··· Records for this task

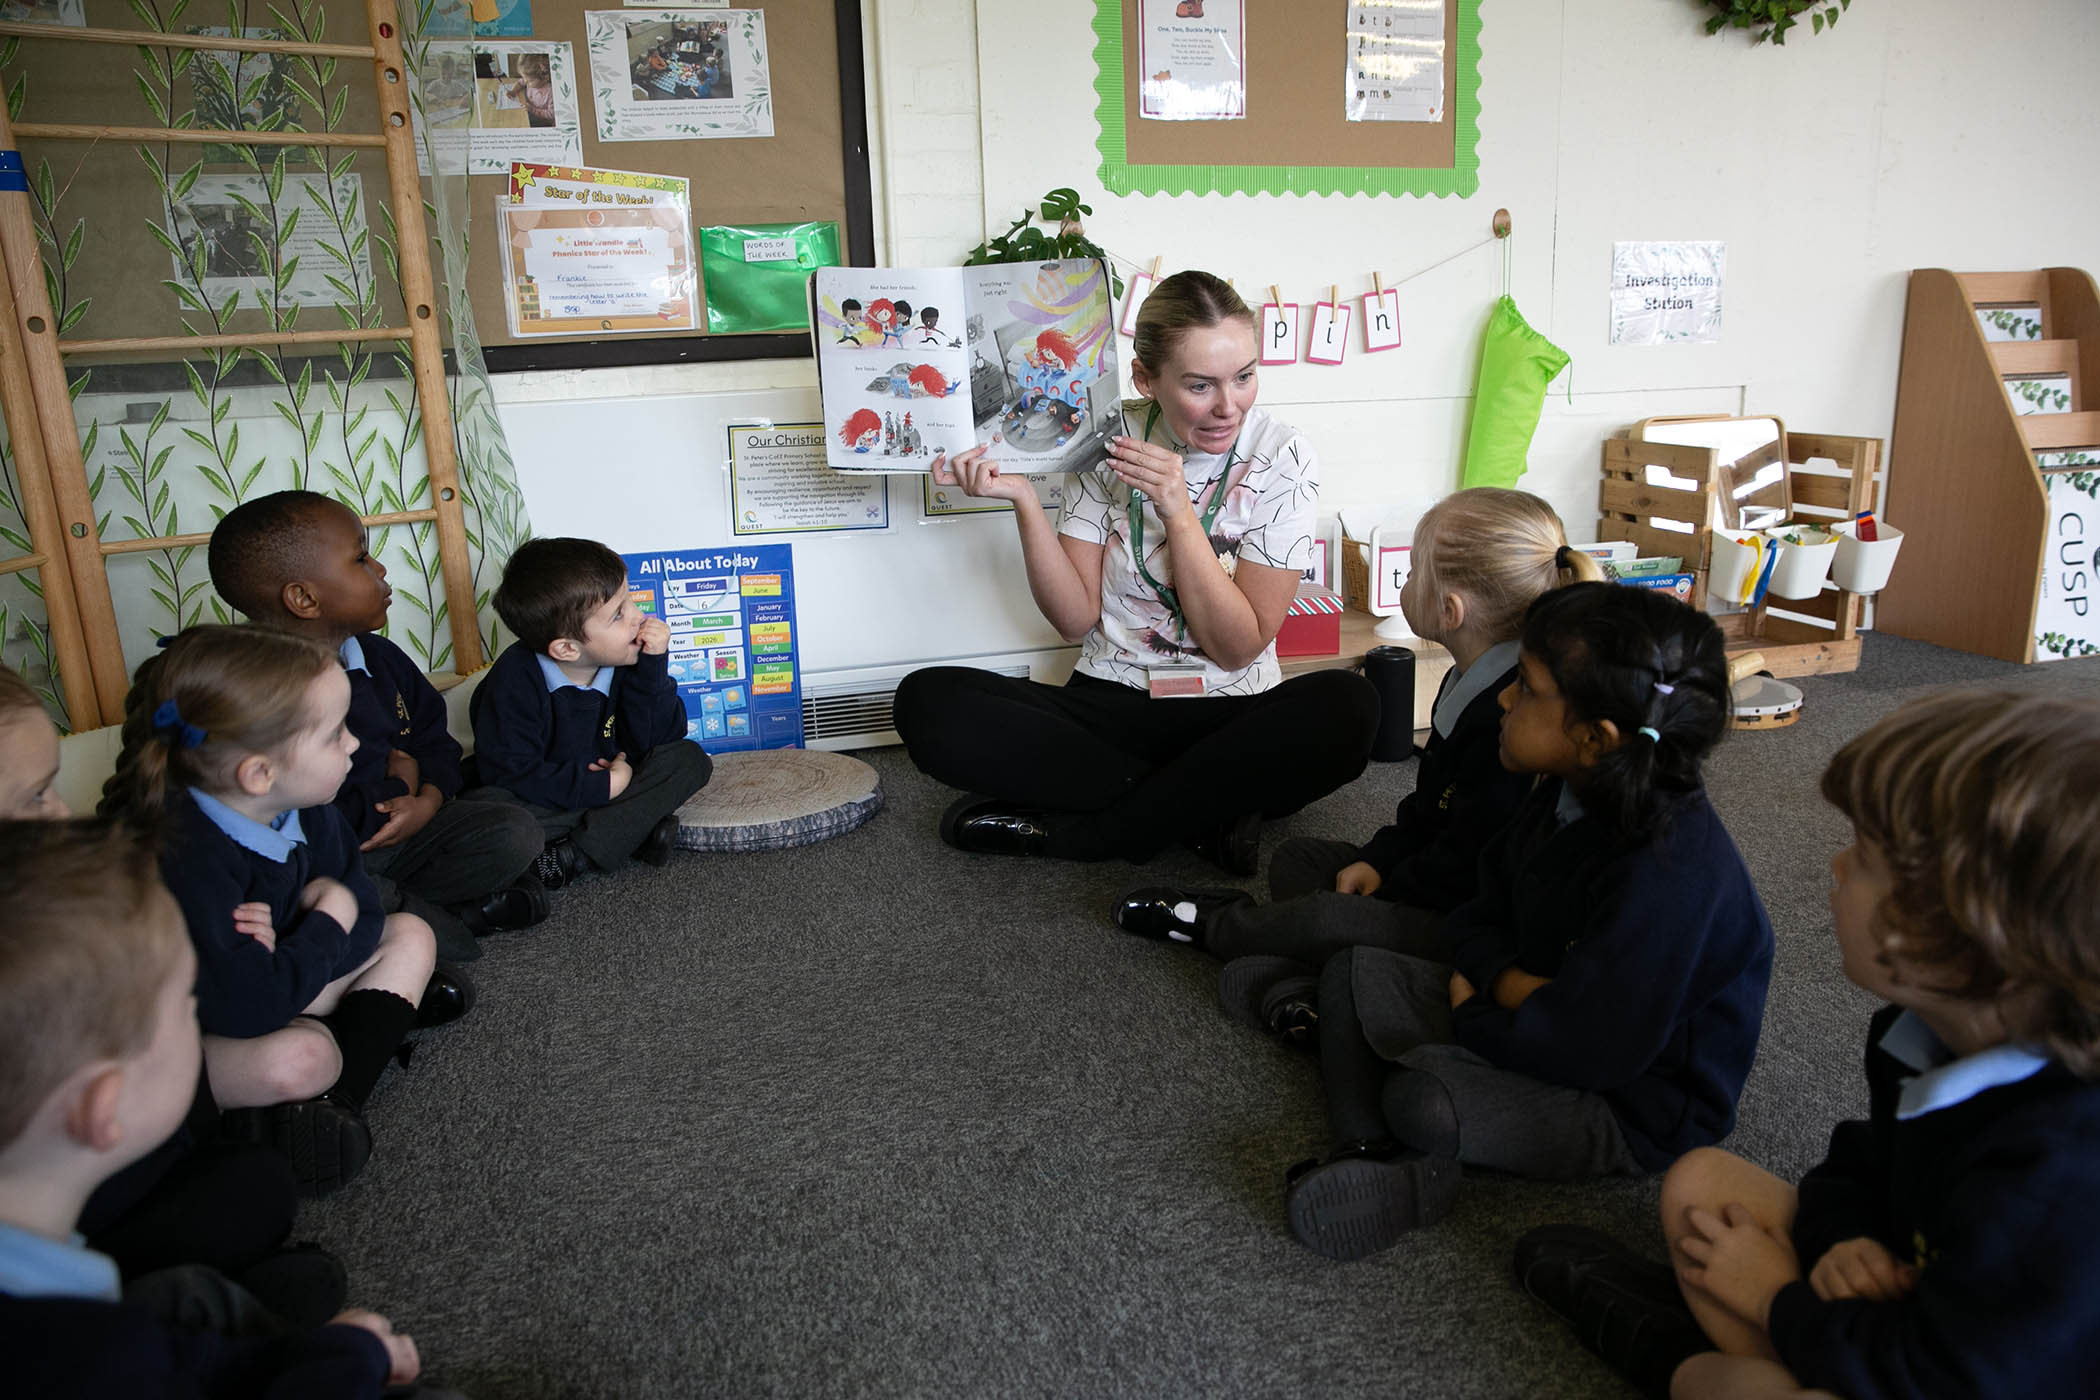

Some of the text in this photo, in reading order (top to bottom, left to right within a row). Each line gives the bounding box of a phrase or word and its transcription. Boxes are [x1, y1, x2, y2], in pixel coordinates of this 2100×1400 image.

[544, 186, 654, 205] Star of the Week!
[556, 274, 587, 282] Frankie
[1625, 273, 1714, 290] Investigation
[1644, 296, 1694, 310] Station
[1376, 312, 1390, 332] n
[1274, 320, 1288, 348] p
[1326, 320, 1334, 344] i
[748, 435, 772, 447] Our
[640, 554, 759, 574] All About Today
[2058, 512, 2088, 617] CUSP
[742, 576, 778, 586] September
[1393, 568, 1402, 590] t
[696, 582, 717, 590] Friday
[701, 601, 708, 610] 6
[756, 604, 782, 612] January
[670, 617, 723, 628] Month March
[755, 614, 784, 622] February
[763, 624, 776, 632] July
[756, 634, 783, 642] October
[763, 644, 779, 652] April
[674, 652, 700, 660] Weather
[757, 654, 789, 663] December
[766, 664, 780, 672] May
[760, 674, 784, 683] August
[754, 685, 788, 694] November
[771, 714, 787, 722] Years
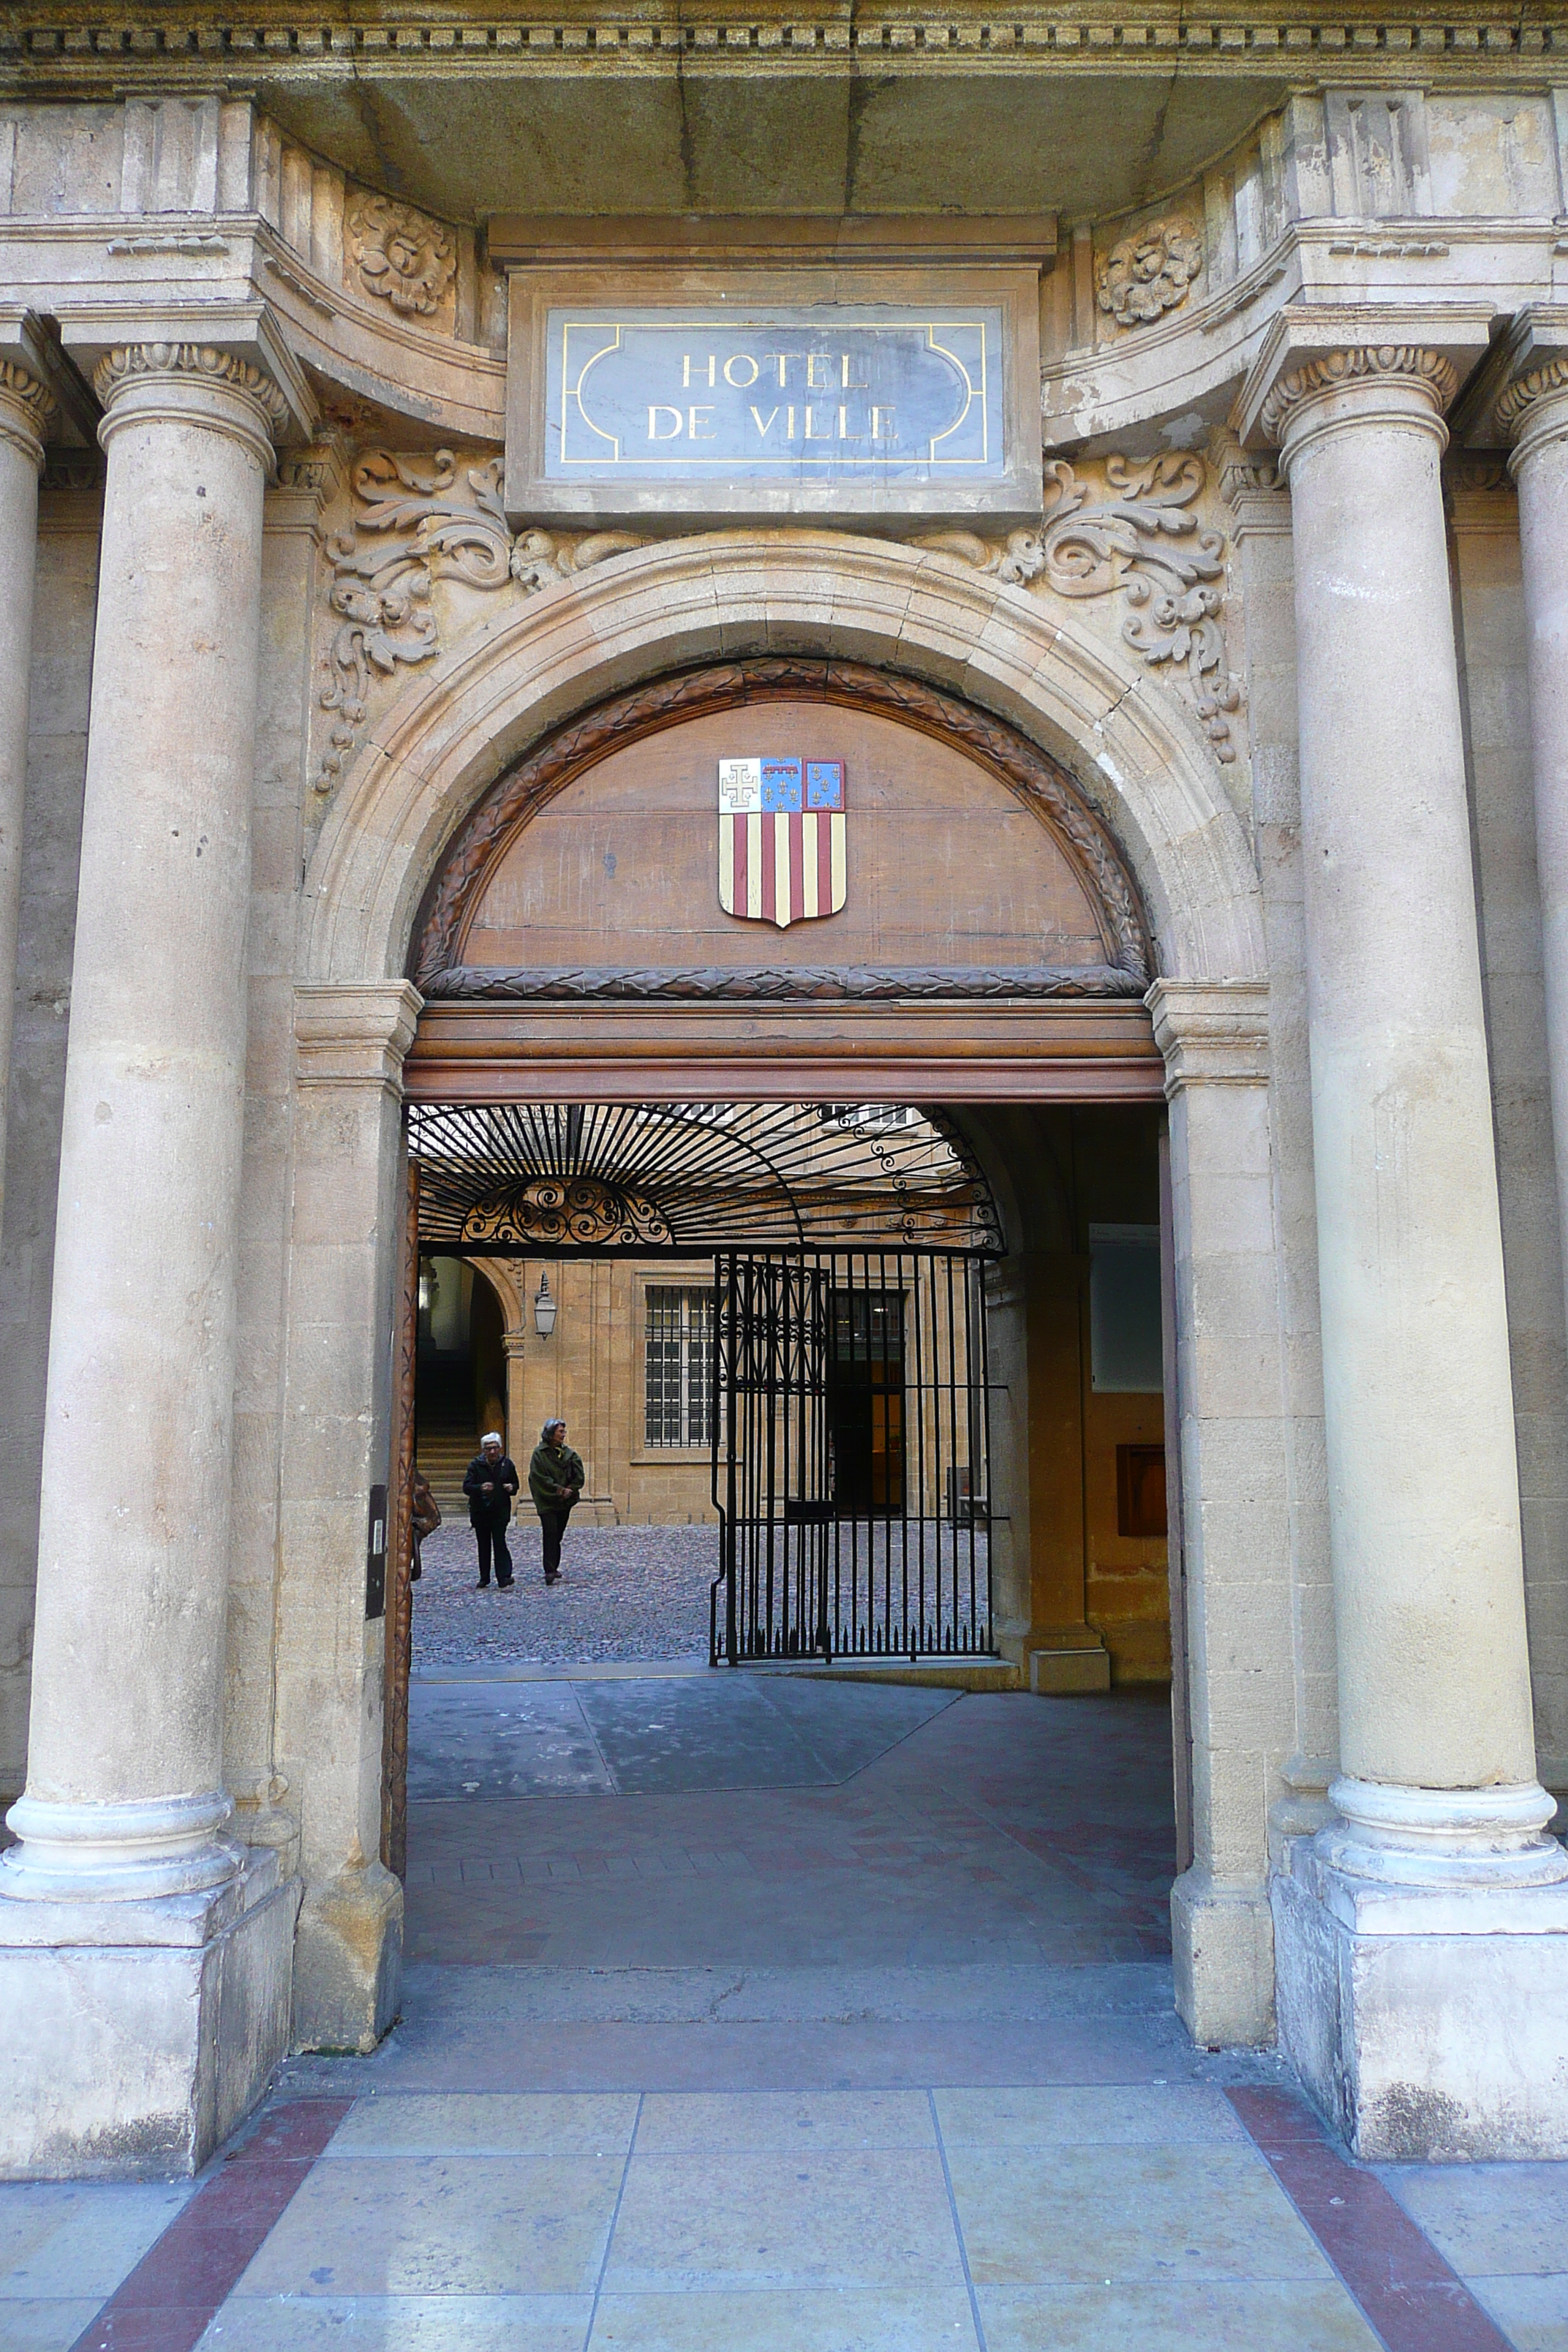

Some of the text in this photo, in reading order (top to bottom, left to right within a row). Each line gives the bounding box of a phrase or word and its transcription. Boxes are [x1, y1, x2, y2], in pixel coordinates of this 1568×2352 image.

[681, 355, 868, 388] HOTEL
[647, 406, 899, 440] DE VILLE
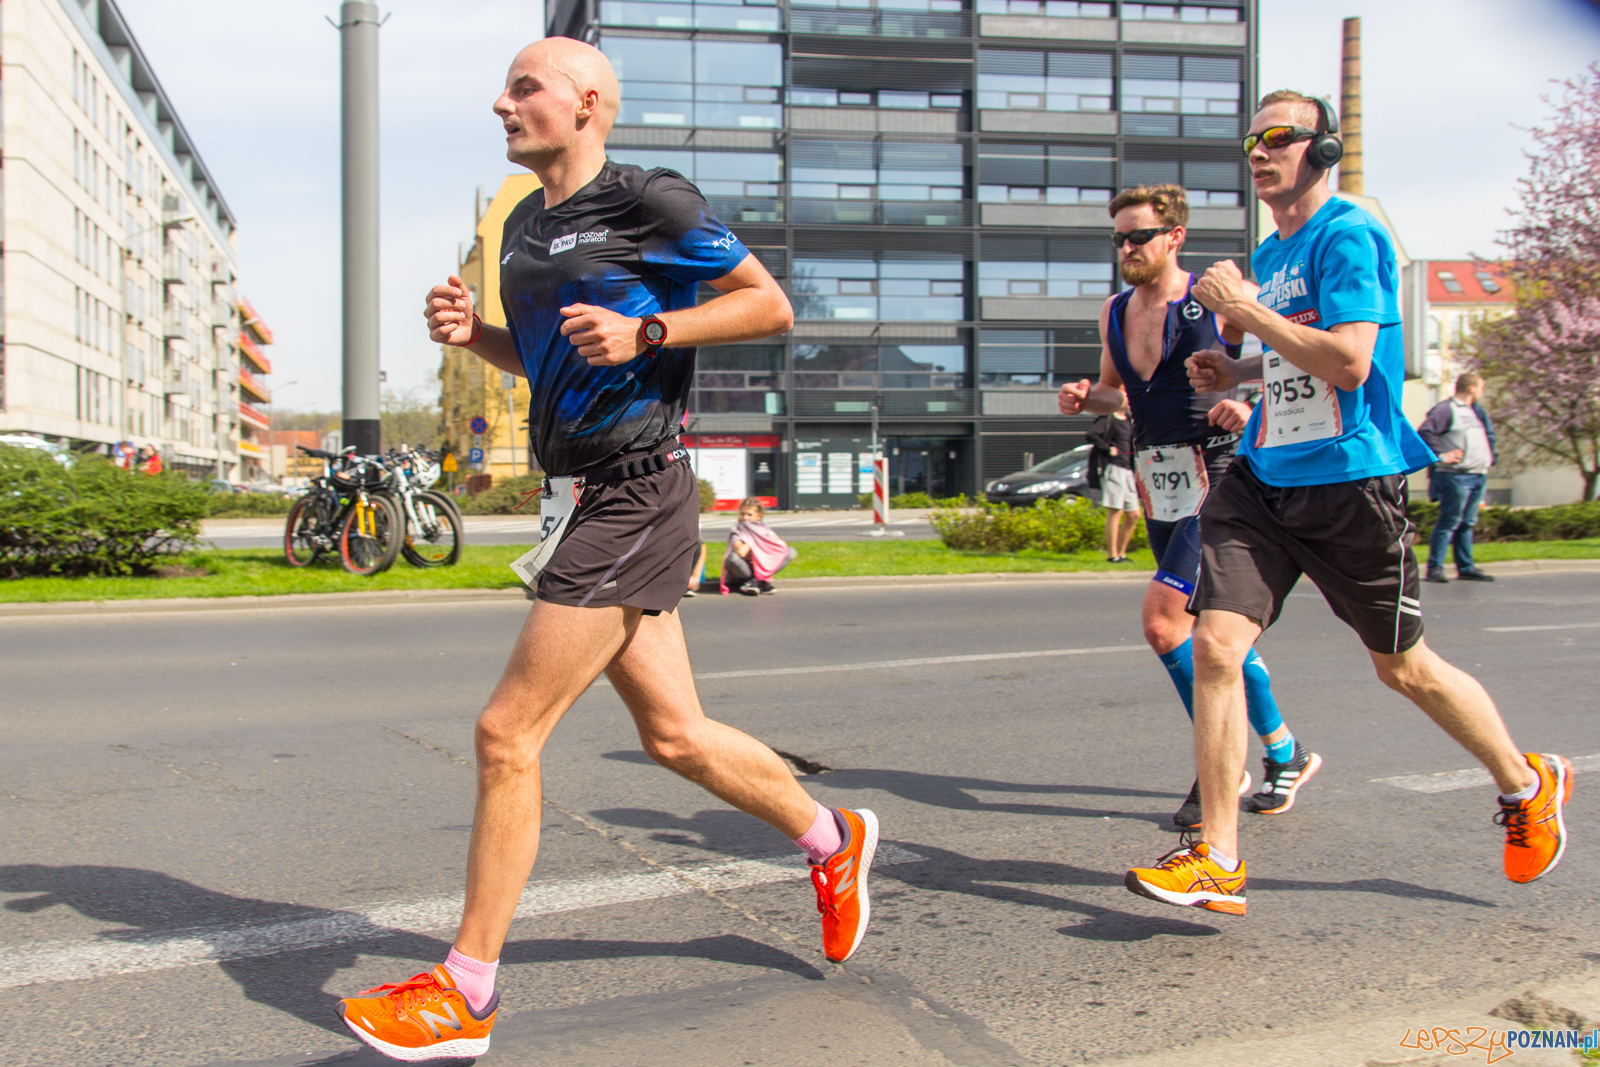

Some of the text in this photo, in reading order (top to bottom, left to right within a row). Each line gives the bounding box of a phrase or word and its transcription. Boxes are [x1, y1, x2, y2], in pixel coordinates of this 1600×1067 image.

······

◆ About this task ◆
Omitting all pictures, restate word for word the lines from the one containing "this 1568×2352 image." through the last line of the data.

◆ Task output ◆
Some of the text in this photo, in reading order (top to bottom, left to right within a row). Each line gives the bounding box of a phrase or word and its transcription. Boxes are [x1, y1, x2, y2], in pixel coordinates of this 1568×2352 image.

[681, 355, 868, 388] HOTEL
[647, 406, 899, 440] DE VILLE

Some of the text in this photo, in reading order (top to bottom, left to right within a row). Each line gives the bounding box of a phrase or word and its transcription. Boxes are [x1, y1, x2, y2], in pixel coordinates of this 1600×1067 image.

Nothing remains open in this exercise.